La transplantation pulmonaire a fait d’immenses progrès ces vingt, voire ces dix dernières années. Pourtant, aujourd’hui encore, trop peu de personnes souffrant de BPCO avec emphysème bénéficient d’une évaluation pré-greffe. L’accès de ces patients à l’offre de soins, répartie dans neuf centres sur le territoire, est un enjeu majeur. Les explications du Dr Antoine Roux, médecin transplanteur à l’Hôpital Foch (Suresnes, 92).

Quels sont les chiffres de la transplantation pulmonaire en France ?

Dr A. R : Il existe en France un réel défaut d’adressage des patients susceptibles de recevoir une transplantation pulmonaire. Deux explications à cela : un repérage insuffisant des patients BPCO qui pourraient en bénéficier et surtout une méconnaissance des centres experts où pourraient être envoyés les patients en vue d’une évaluation.

Environ 350 transplantations de poumons sont réalisées par an en France. Selon des projections un peu grossières, il faudrait sûrement en réaliser 600 de plus et atteindre le millier par an. La tendance est à l’augmentation du nombre de transplantations mais la part des personnes BPCO dans la totalité des transplantations pulmonaires n’est que de 30 % (soit 113 transplantations) en 2017. Les autres 70% sont constitués principalement de personnes souffrant de fibrose pulmonaire et de mucoviscidose.

Selon le registre international de la Société internationale de transplantation cardiaque et pulmonaire (ISHLT), le nombre de transplantations pulmonaires dans le monde augmente avec les années, progressivement, de 250 environ en 1990 à près de 4 000 aujourd’hui (1 000 concernant des personnes BPCO).

La proportion de transplantations pour BPCO avec emphysème a baissé entre la période 2004-2008 comparé à 2009-2017 au profit de la transplantation pour fibrose, mais surtout en Europe du Nord.

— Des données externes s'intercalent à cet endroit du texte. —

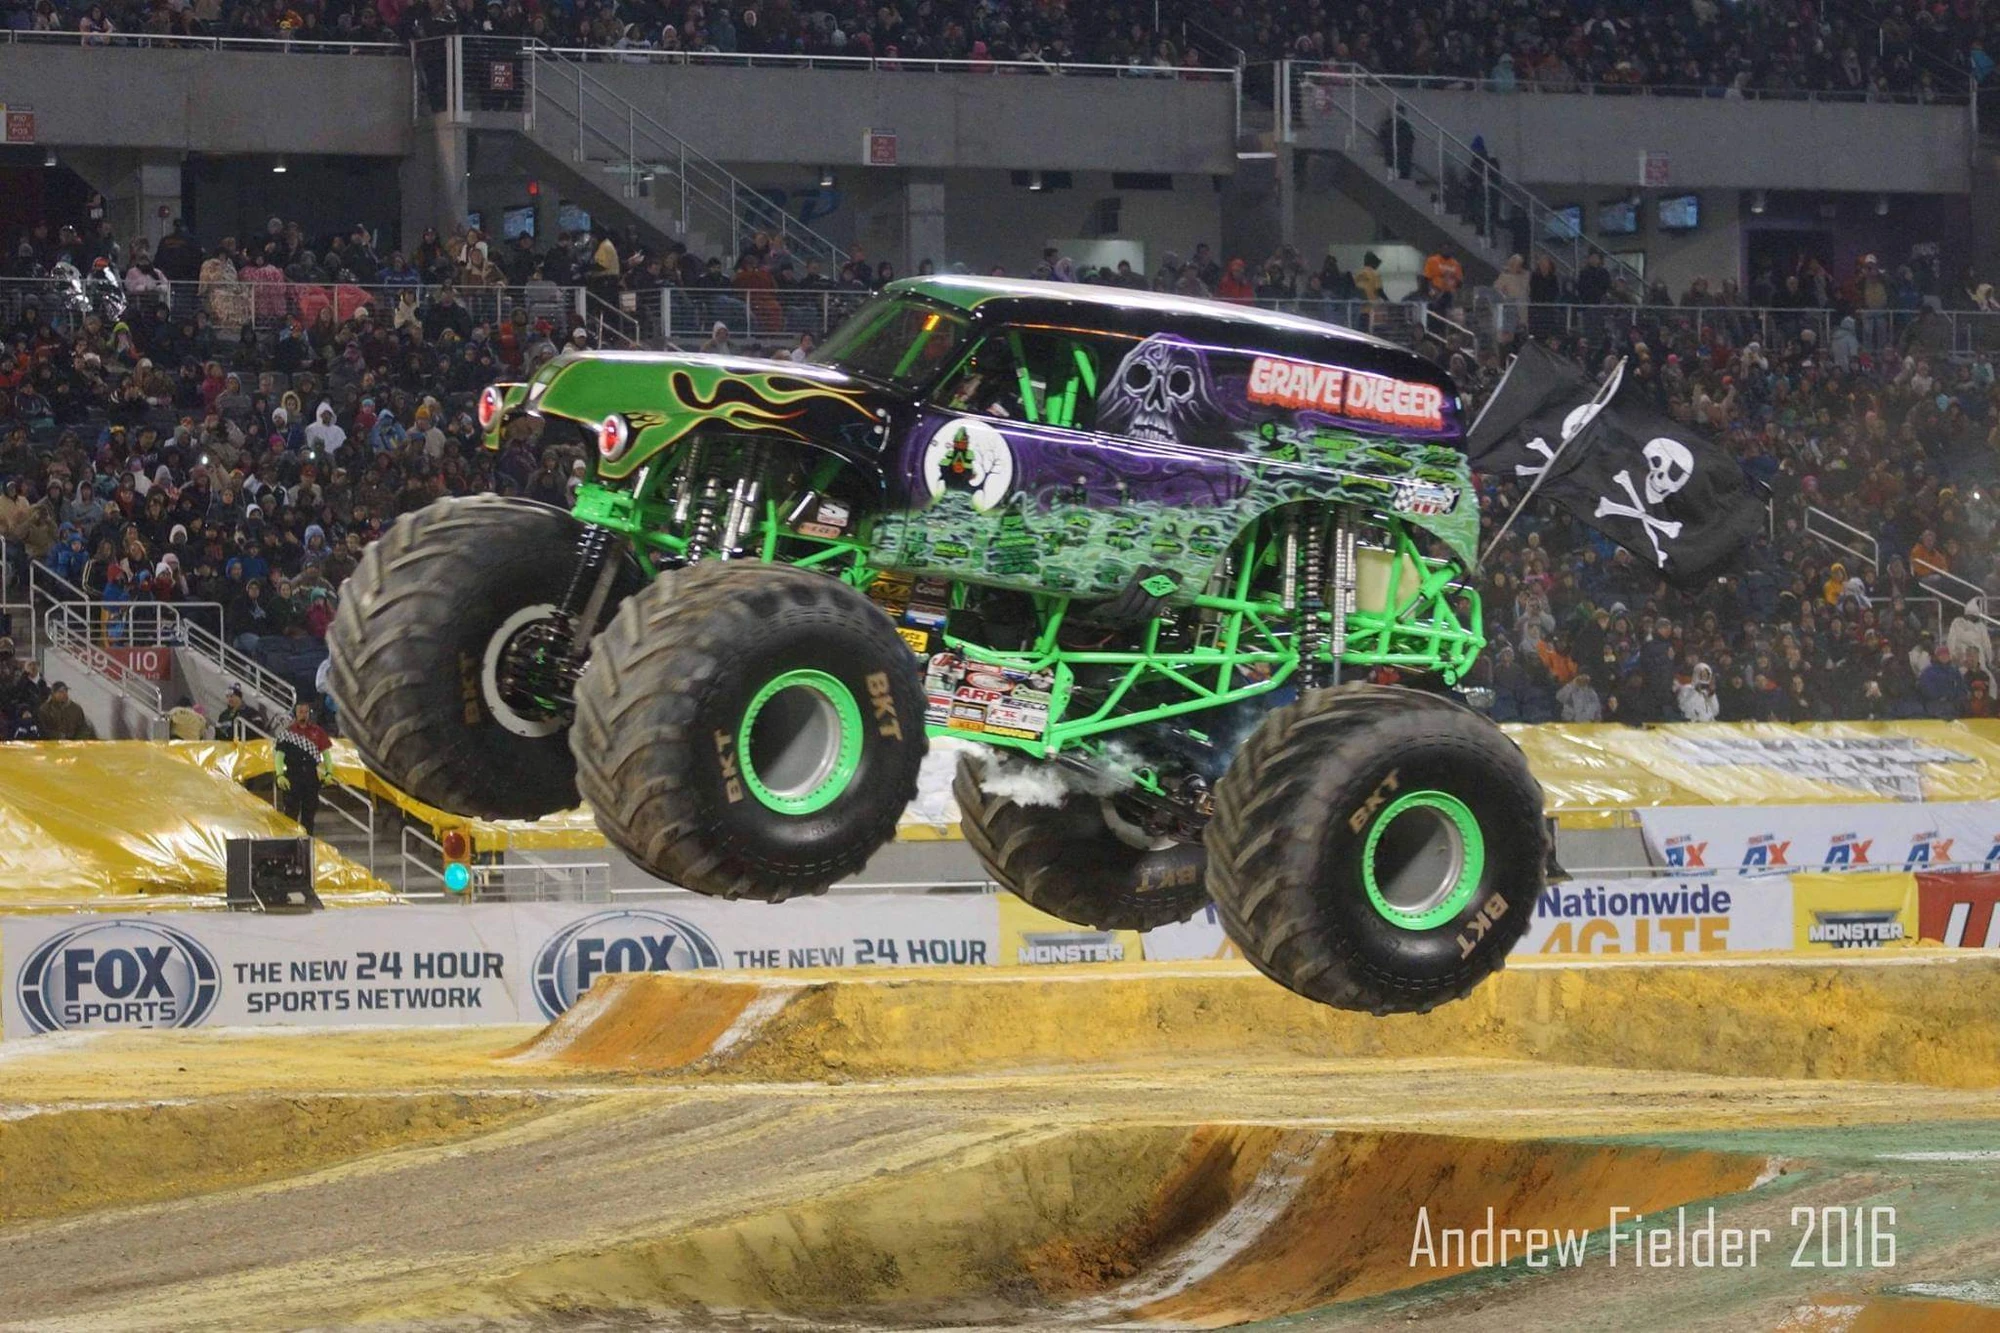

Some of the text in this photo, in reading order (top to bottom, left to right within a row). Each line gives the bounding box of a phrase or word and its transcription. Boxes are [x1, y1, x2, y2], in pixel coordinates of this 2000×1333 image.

[1249, 357, 1442, 424] GRAVE DIGGER
[127, 650, 158, 672] 110
[865, 671, 903, 741] BKT
[956, 687, 1002, 703] ARP
[714, 728, 744, 804] BKT
[1349, 768, 1399, 835] BKT
[1821, 839, 1874, 873] AX
[1903, 838, 1955, 872] AX
[1135, 863, 1197, 893] BKT
[1538, 884, 1732, 918] Nationwide
[1456, 892, 1509, 961] BKT
[1808, 922, 1904, 942] MONSTER
[233, 952, 505, 985] THE NEW 24 HOUR
[576, 934, 677, 990] FOX
[734, 938, 987, 969] THE NEW 24 HOUR
[1018, 944, 1124, 965] MONSTER
[63, 946, 176, 1001] FOX
[64, 1001, 177, 1025] SPORTS
[246, 987, 482, 1014] SPORTS NETWORK
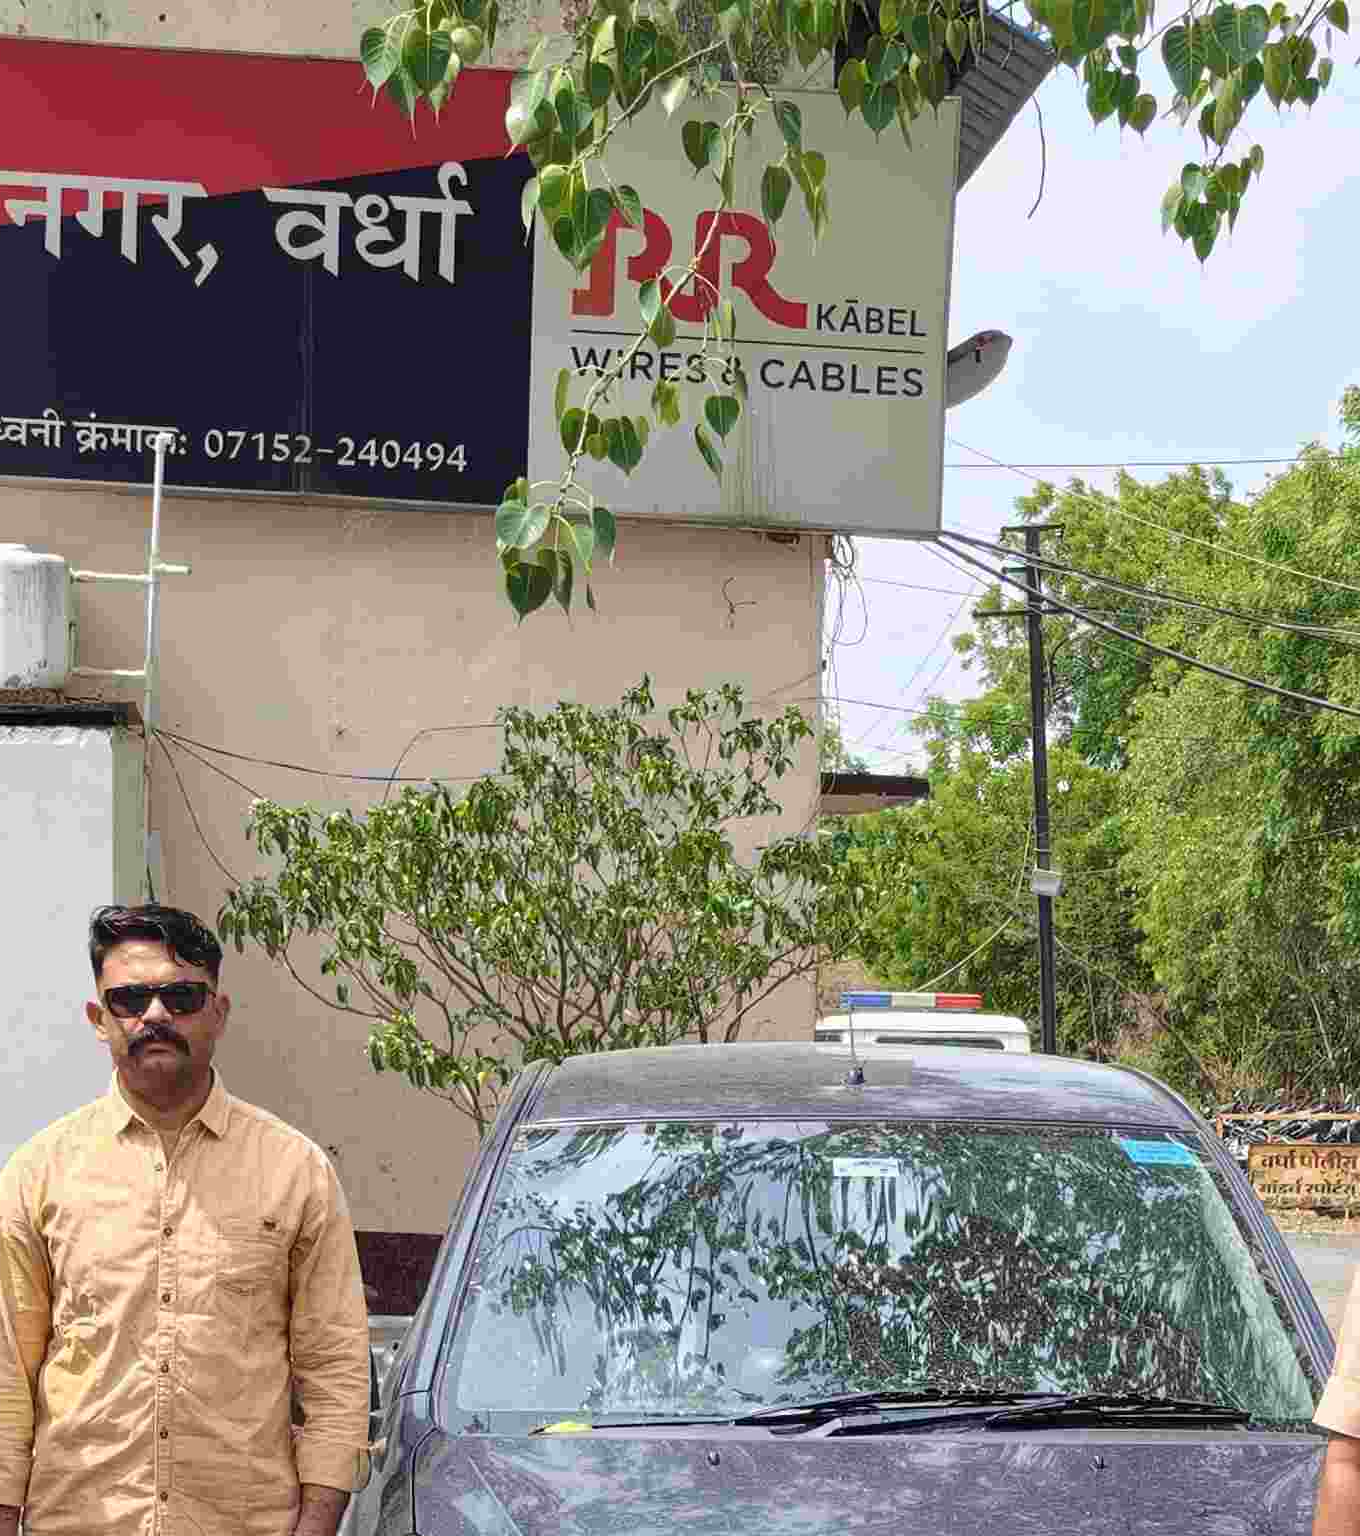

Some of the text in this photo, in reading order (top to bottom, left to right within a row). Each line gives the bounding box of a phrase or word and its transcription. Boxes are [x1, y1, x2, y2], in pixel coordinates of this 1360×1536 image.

[262, 161, 474, 284] वर्धा
[814, 299, 927, 337] KĀBEL
[570, 346, 707, 384] WIRES
[759, 358, 924, 398] CABLES
[203, 428, 468, 472] 07152-240494
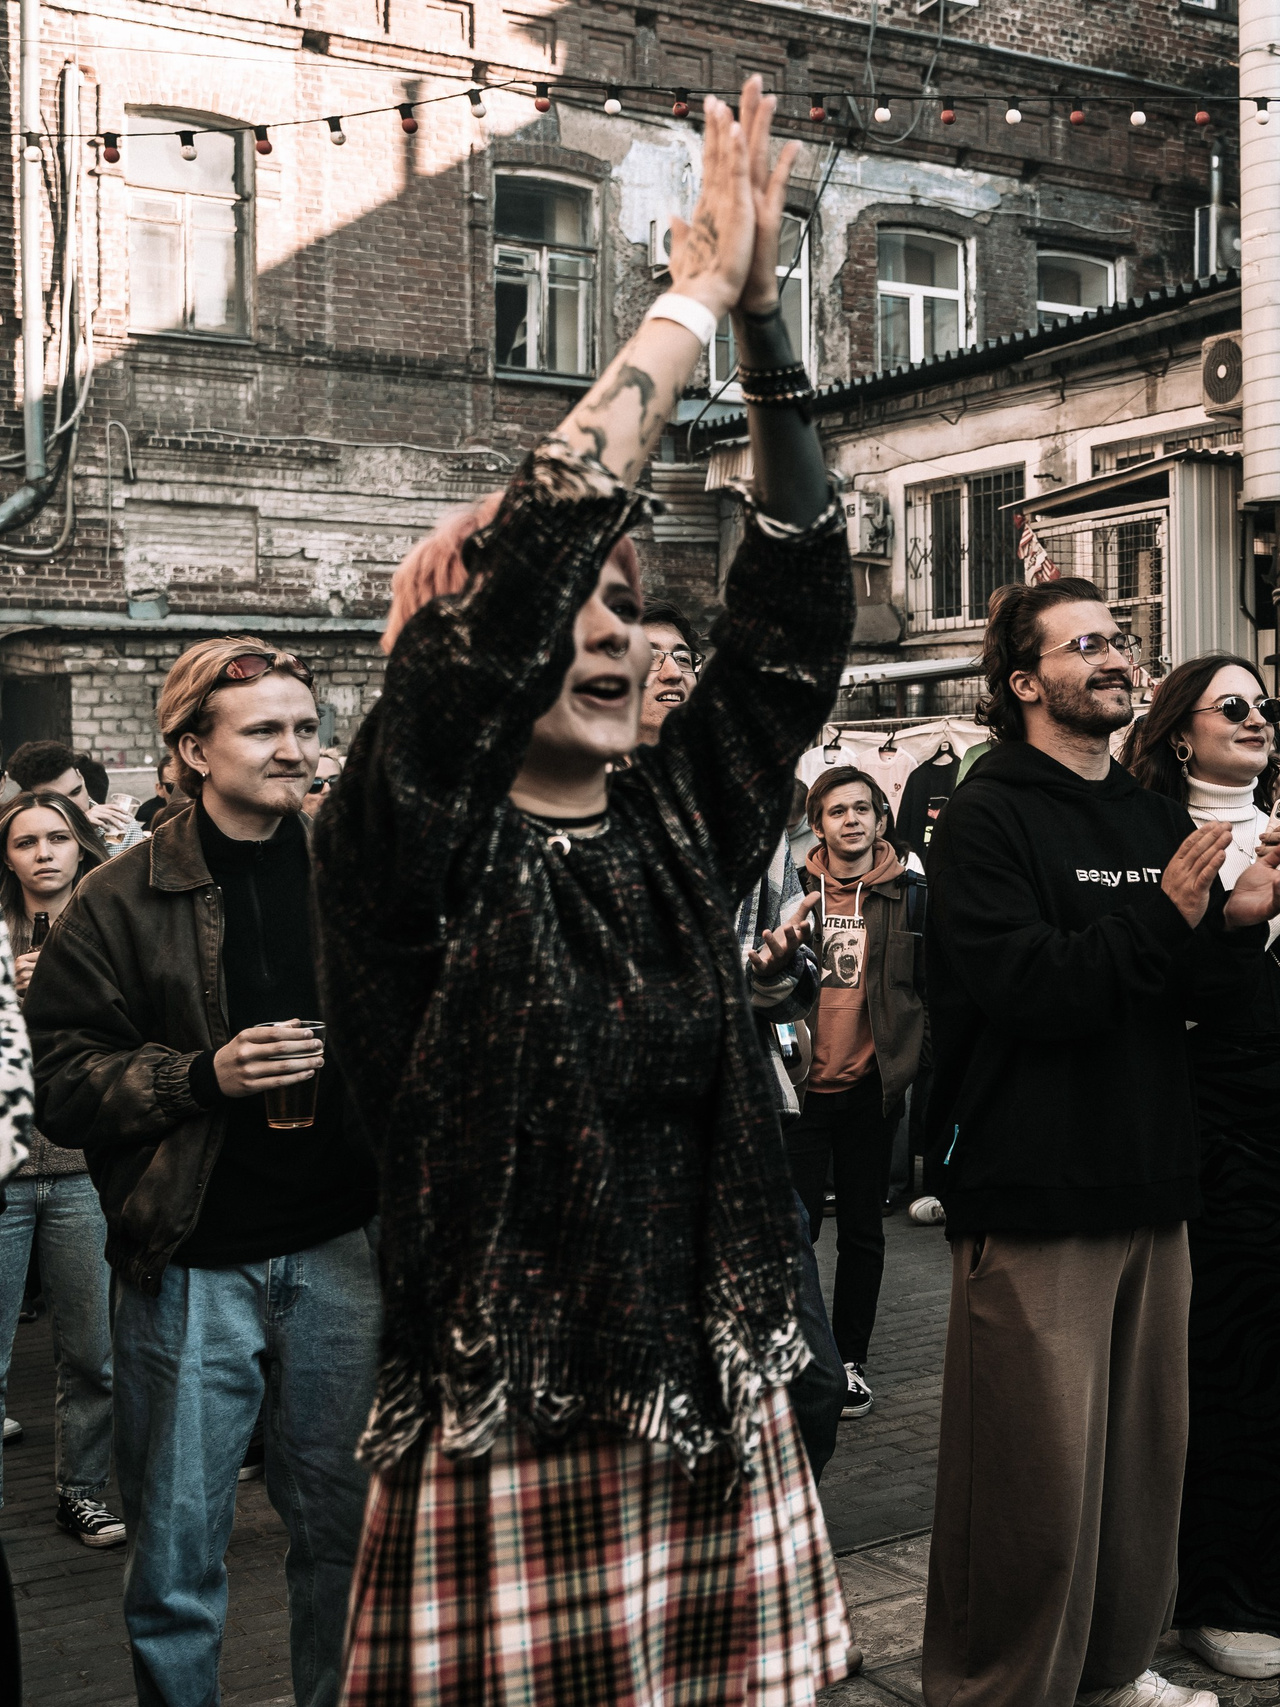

En France, les indications de transplantation pour mucoviscidose couvrent l’essentiel des besoins annuels et sont beaucoup plus fréquentes qu’aux USA. En Europe, les différences de pratiques entre les pays sont minimes et les indications respectives de la greffe selon les différentes maladies pulmonaires restent stables dans le temps.

Sur quels éléments repose la décision du médecin transplanteur ?

La question à se poser est : « qu’attend-on de la transplantation ? » Un gain de survie bien entendu, mais aussi de qualité de vie, à soupeser avec la probabilité de survie sans transplantation. Or, la difficulté avec les patients BPCO, est que la survie à moyen terme sans transplantation explorée dans les études de score pronostique comme l’index de BODE est relativement correcte, alors qu’ils peuvent ressentir un handicap majeur avec une qualité de vie très dégradée.

Bien qu’étant dans un état très grave, après un épisode aigu, on peut espérer chez les patients BPCO une petite marge de récupération de la capacité respiratoire, et les ramener à leur niveau antérieur.

L’objectif de la transplantation est donc une combinaison entre la survie et la qualité de vie, à mettre en balance avec la situation sans transplantation. D’où la nécessité pour le transplanteur de recevoir la personne plusieurs fois afin de se rendre compte de sa situation respiratoire (pronostic estimé selon la stratification GOLD et l’indice BODE) et la manière dont il subit son handicap, avec l’éventualité d’améliorer sa qualité de vie à l’aide d’autres moyens que la transplantation (comme la réhabilitation respiratoire).

Le médecin transplanteur évalue ainsi les risques à ne pas transplanter et les risques à transplanter, en fonction des contre-indications éventuelles et l’accès au greffon (la durée d’attente du centre, le nombre de décès sur liste, la taille, et des paramètres immunologiques).

Quels sont les profils des patients BPCO greffés ?

Les critères théoriques d’indication à la transplantation pulmonaire, à relativiser selon le poids du handicap et l’espérance de vie notamment sont, pour les patients emphysémateux :

  • Un score BODE ≥7 : il intègre l’indice de masse corporelle, le VEMS post-bronchodilatateur, le score de dyspnée et la distance parcourue, exprimée en mètres, lors d’une épreuve de marche de 6 minutes. L’index BODE apporte des informations supplémentaires autres que le VEMS, traduisant l’impact systémique de la maladie BPCO.
  • Un volume expiratoire maximal par seconde (VEMS) <15 à 20%.
  • Trois ou plus exacerbations aigües sévères/an.
  • Une ou plus exacerbation aigüe hypercapnique (élévation trop importante du volume de CO2 au niveau sanguin).
  • Une hypertension pulmonaire modérée à sévère.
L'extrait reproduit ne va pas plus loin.